The problem is that Canada has a universal free health care system. It means that the government must provide for the health care needs of the entire population. However, to be able to do this, the government needs tax revenues. 

People of working age provide the tax revenue. It is the reason that Canada is more than happy to continue allowing immigration in the future. They want foreign workers to start working and paying taxes to the Canadian government. As well, it will allow the Canadian government to meet its social security obligations.

The 25 to 44 age group is also the consumer segment that buys the most goods. This age group primarily buys cars, homes, vacations, and other goods and services. Thus, by inviting immigrants, Canada also aims to give a boost to its domestic economy. 

Without immigrants, significantly fewer people would buy these goods and services. Moreover, if aggregate demand declined, other factors such as employment would also suffer greatly. Immigrants, on the other hand, have driven up housing prices across Canada. 

Some call this a housing bubble. However, the fact remains that it has created wealth for many Canadian citizens, who will live comfortably in retirement thanks to the housing wealth they have created.

The Future Of Immigration

In addition to increasing the number of new immigrants, the IRCC is currently undergoing a significant automation process. 

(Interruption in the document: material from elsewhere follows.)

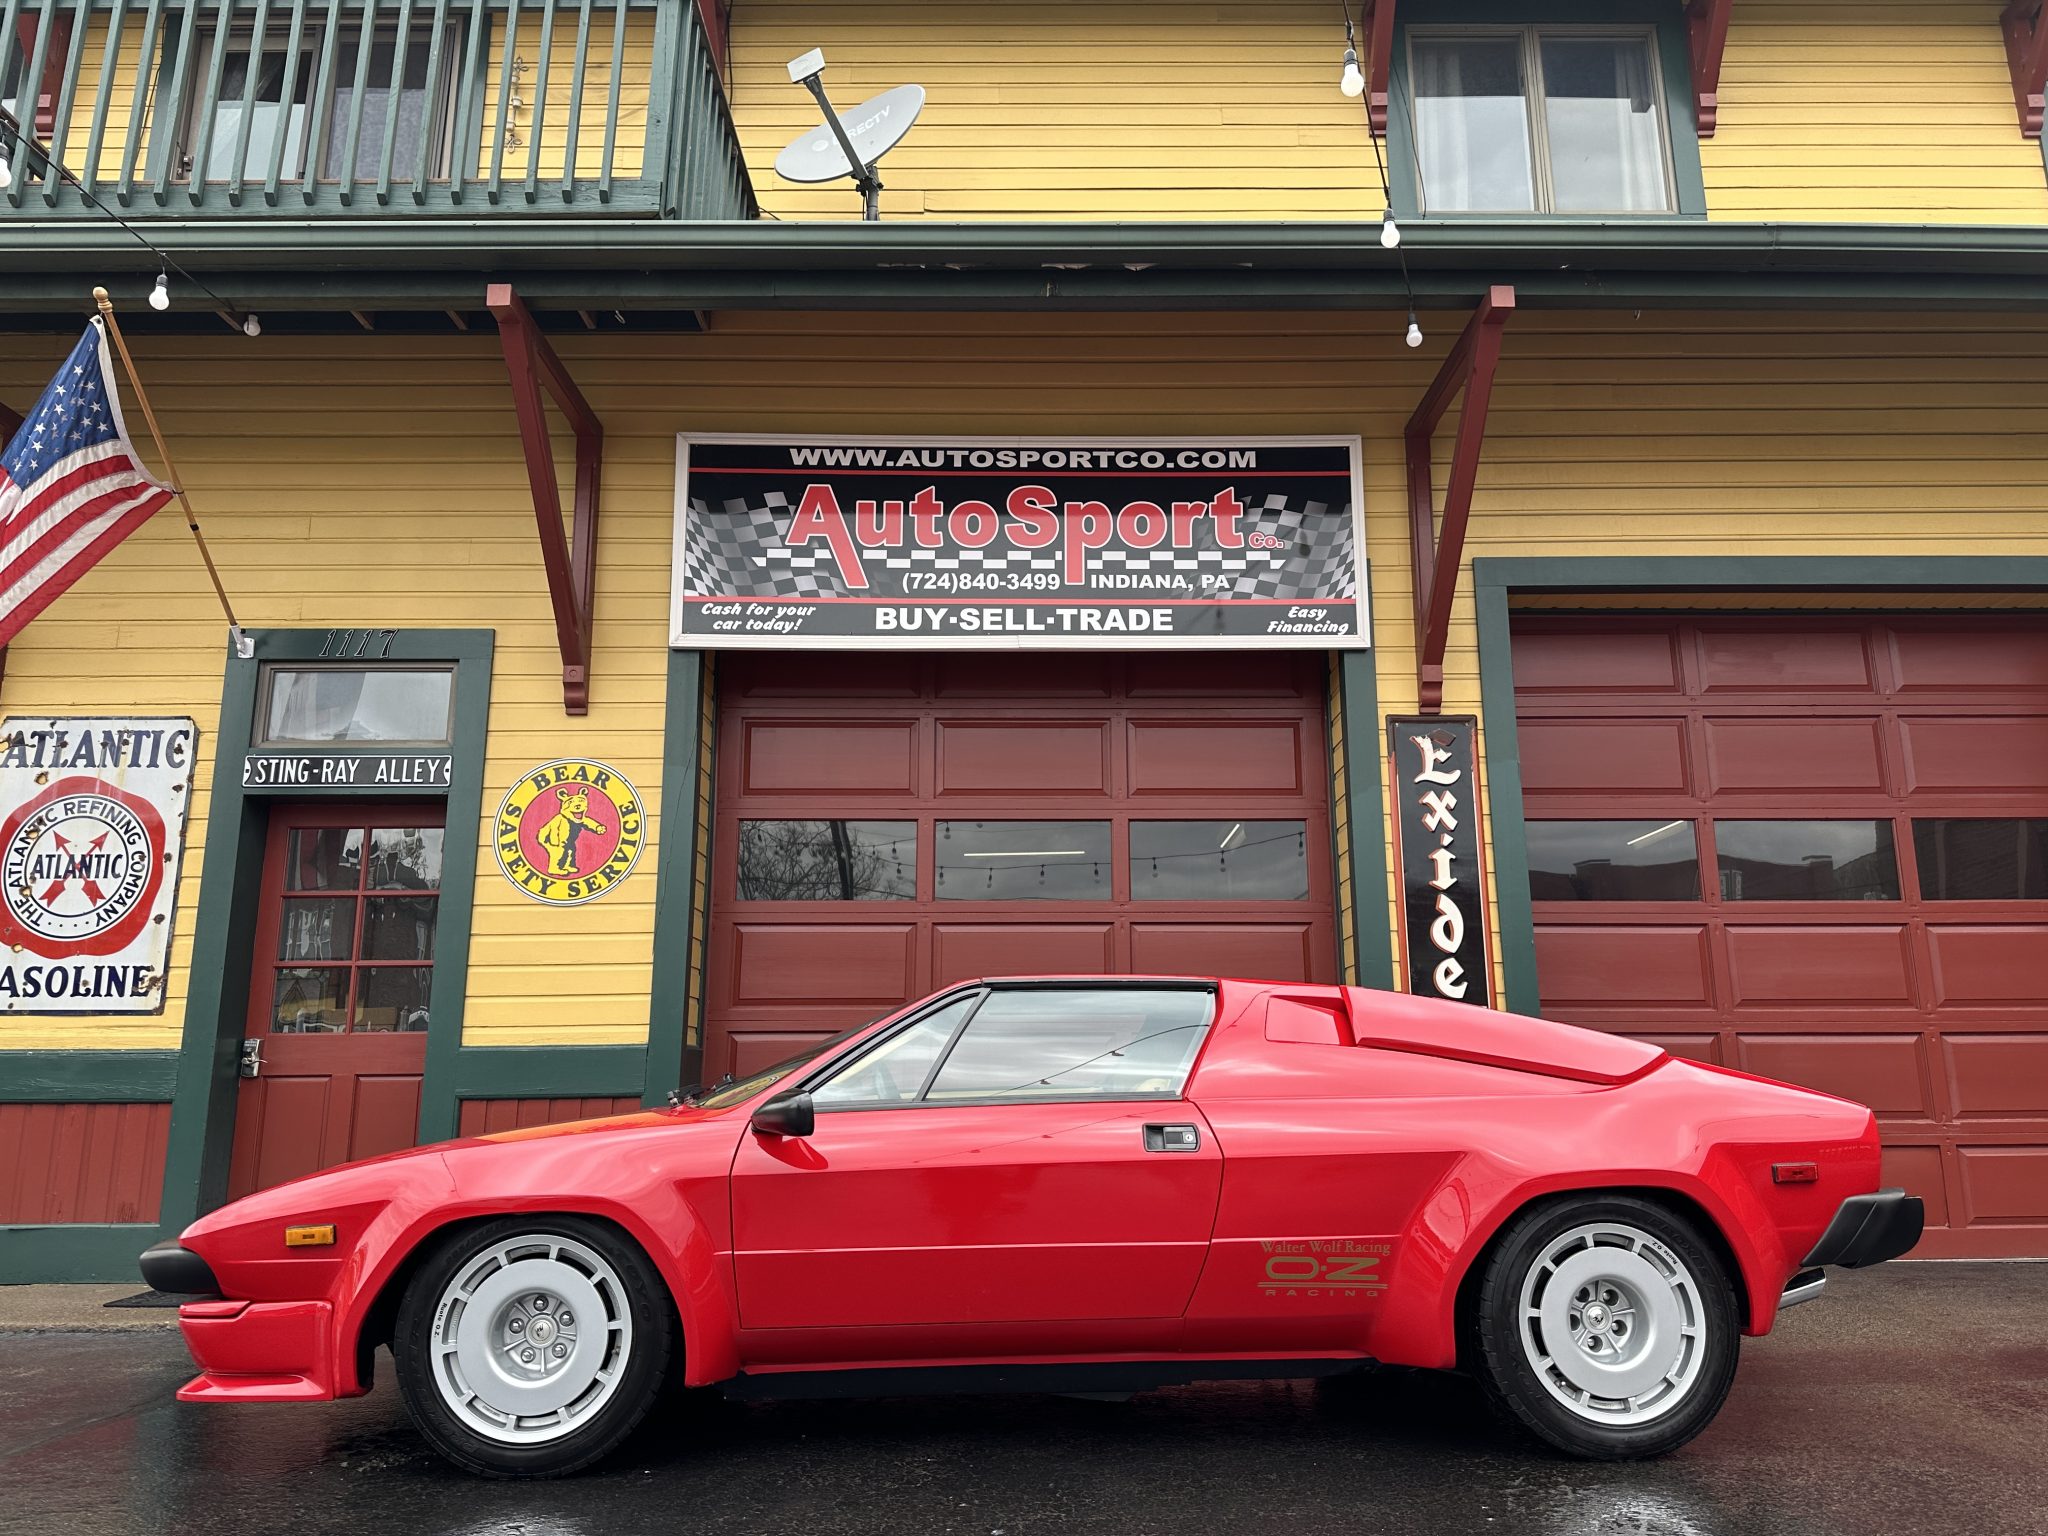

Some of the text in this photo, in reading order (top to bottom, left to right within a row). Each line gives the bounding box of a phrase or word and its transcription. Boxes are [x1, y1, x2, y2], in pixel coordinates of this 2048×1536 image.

Applicants will submit most applications online, and further investment in capacity building, development, and digital transformation of Canada’s immigration system is planned. 

One such example is the newly created online portal, which allows new permanent residents to go through the process of getting an entry permit much faster and without an in-person interview.  

As Canada continues to position itself as a leading destination for global talent, automation is expected to reduce waiting times and ensure a seamless immigration process for skilled professionals.

For peace of mind, it is recommended that you first have a detailed consultation with a reputable Canadian immigration consultant to ensure that you are eligible for a visa. 

You can get access to the best Canadian immigration consultants who can anticipate what might go wrong and make recommendations to increase your chances of success. An experienced consultant can make the process of immigrating to Canada much smoother. 

To qualify for permanent residency in Canada, you must have a good score on the Canada PR Points Calculator. It is a points-based system used to assess your profile and determine its place in the Express Entry pool. 

It is used to assess your:

  • Skills
  • Education
  • Language ability
  • Work experience
  • Other factors

To Sum Up

Suppose Canada wants to be on the path to prosperity. In that case, it should capture that momentum and bring that determination and agility to Canadian businesses, governments, and society. 

As governments and businesses across Canada reshape the economy and society, immigrants can prepare for a prosperous future. The goal is to reshape the Canadian economy and society by making them more innovative and sustainable. 

Therefore, it should be necessary to strive for a higher growth rate than the country is currently at, to strive for higher growth and higher productivity. 

However, today, perhaps more than at any other time in the country’s history, society demands that this growth be equitable, promoting higher living standards for all and expanding business opportunities. 

The views expressed in this article are those of the authors and do not necessarily reflect the views or policies of The World Financial Review.